It is important for CCNs to realize that the risk for ACT in the cardiac surgery patient persists for several days post-operatively. For example, a significant event that may lead to the development of ACT is the removal of epicardial pacing wires. Epicardial pacing wires, which are generally removed on postoperative day five, have the potential to cause ACT by lacerating or disrupting fresh graft sites and causing bleeding into the pericardial sac (Abu-Omar, Guerrieri-Wolf, & Taggart, 2006; Reade, 2007). Thus, the CCN must be diligent in assessing the patient for signs of bleeding and ACT following the removal of the epicardial pacing wires.

Caring for the patient with ACT

Despite diligent efforts to prevent ACT, post-op cardiac surgery patients can and do develop this life-threatening complication. Hence, CCNs play a key role in the early detection of ACT. Recognizing the specific signs of ACT is of paramount importance in order to establish an accurate etiology of cardiogenic shock. This, in turn, will lead to appropriate diagnosis and optimal management of the patient with ACT.

Signs of ACT. As ACT develops, impairment of right ventricular diastolic filling and subsequent decrease in blood volume in all four cardiac chambers occurs. This results in decreased stroke volume and cardiac output with the initial presenting signs of tachycardia and peripheral vasoconstriction (Hawley & Dreher, 2002). These signs of compromise signal the early phase of cardiogenic shock with adrenergic compensation, and the release of systemic catecholamines to promote an improvement in cardiac function. Consequently, the heart rate increases and peripheral vasoconstriction develops to shunt blood away from less vital organs like the skin, kidneys, and splanchnic arteries toward the heart and brain (McCance & Huether, 2006). Hypotension occurs as the compensatory mechanisms fail. As well, a change in the patient's mental status, such as confusion or anxiety, may signal a decrease in cerebral perfusion (Hawley & Dreher, 2002).

Pulsus paradoxus is a key clinical sign of ACT. This phenomenon is defined as a decrease in the systolic blood pressure of greater than 10 mmHg between expiration and inspiration

(McCance & Huether, 2006). In the patient with ACT, pulsus paradoxus is the result of impairment of diastolic filling of the left ventricle, and the subsequent decreased blood volume in all four cardiac chambers. Pulsus paradoxus can also be observed by a decrease in the systolic upstroke on an arterial pressure monitor. If using invasive pulmonary hemodynamic monitoring, there may be an equalization of right atrial pressures and pulmonary capillary wedge pressures.

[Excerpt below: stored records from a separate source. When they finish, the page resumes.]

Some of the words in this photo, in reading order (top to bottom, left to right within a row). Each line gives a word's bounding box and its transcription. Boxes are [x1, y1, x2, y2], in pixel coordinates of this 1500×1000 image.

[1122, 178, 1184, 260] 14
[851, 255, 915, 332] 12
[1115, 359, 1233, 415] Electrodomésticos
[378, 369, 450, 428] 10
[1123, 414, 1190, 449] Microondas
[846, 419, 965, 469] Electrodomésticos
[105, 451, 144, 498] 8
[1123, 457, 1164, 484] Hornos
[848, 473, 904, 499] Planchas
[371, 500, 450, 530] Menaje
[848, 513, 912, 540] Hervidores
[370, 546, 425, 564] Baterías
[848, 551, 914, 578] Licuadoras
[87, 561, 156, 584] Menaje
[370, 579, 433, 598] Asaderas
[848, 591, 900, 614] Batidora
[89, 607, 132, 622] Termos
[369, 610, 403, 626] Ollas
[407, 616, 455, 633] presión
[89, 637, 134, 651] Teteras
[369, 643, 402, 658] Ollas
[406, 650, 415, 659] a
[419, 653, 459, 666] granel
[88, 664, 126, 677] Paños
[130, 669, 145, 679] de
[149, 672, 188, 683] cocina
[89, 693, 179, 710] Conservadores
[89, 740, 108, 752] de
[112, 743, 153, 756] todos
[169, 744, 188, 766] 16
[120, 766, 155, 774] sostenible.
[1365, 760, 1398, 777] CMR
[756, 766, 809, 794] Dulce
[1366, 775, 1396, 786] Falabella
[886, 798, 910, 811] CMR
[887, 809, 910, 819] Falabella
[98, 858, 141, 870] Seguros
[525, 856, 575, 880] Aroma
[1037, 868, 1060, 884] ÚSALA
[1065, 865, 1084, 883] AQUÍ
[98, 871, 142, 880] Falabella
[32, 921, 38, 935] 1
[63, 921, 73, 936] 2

This occurs as the pericardium becomes tauter on inspiration, as a result of diaphragmatic traction and is called the inspiratory traction sign (Yarlagadda & Hout, 2006).

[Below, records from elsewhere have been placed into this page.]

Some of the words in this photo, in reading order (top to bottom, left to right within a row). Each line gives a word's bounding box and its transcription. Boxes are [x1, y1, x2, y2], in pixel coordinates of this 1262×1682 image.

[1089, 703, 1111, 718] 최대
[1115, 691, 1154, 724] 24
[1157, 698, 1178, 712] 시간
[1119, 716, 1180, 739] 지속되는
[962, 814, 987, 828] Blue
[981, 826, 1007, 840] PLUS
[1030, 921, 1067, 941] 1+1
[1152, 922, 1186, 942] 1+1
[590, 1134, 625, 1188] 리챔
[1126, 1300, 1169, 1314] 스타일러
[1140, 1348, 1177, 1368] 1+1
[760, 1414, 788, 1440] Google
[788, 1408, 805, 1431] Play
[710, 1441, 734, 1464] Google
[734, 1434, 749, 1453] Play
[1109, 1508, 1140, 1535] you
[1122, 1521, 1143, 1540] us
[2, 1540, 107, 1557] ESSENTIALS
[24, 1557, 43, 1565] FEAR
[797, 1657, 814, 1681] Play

Beck's triad, defined as muffled heart sounds, hypotension, and a narrowed pulse pressure is described in the literature as a distinctive sign of ACT. The patient may also present with distended neck veins as the pressure increases in the pericardial sac, impeding the forward flow of blood (Hawley & Dreher, 2002).

Specific to CT losses, there are two warning signs for ACT. The first is the sudden slowing or cessation of CT bleeding when bleeding had previously been noted. This is indicative of clotting of chest tubes and the development of increased pressure within the pericardium. The second is the development of a sudden large volume of chest tube blood loss, which is a sign of acute bleeding and may rapidly lead to ACT (Unsworth-White et al., 1995).

Although electrocardiogram (ECG) tracing changes are not definitive, they may be a sign of the development of ACT. Significant ECG changes may include tachycardia, atrial arrhythmias, or low voltage QRS complexes, due to a decrease in cardiac output. ST segment changes or T wave abnormalities may occur and are suggestive of ischemia or infarction (Russo et al., 1993).

Managing risks for developing ACT. A comprehensive assessment of the risk factors for ACT provides the CCN with the insight required to manage these risks. Persistent postoperative bleeding must be treated aggressively to avoid the development of ACT. The recommendation is to begin with less-invasive strategies to rectify the bleeding. Therefore, maintaining chest tube (CT) patency is critically important to prevent the compartmentalization of fluid within the pericardial space. The CCN plays a central role in the management of CT drainage in the post-operative cardiac surgery patient. According to Unsworth-White et al. (1995), suspicious blood loss in the cardiac surgery patient population is defined as drainage exceeding 500 ml in the first hour, greater than 400 ml an hour in each of the first two hours, 300 ml an hour in each of the first three hours, more than 1,000 ml in the first four hours or greater than 1,200 ml in the first five hours. During ongoing post-operative bleeding, the risk of ACT increases when the drainage is blocked by an occluded chest tube (Bojar, 2005).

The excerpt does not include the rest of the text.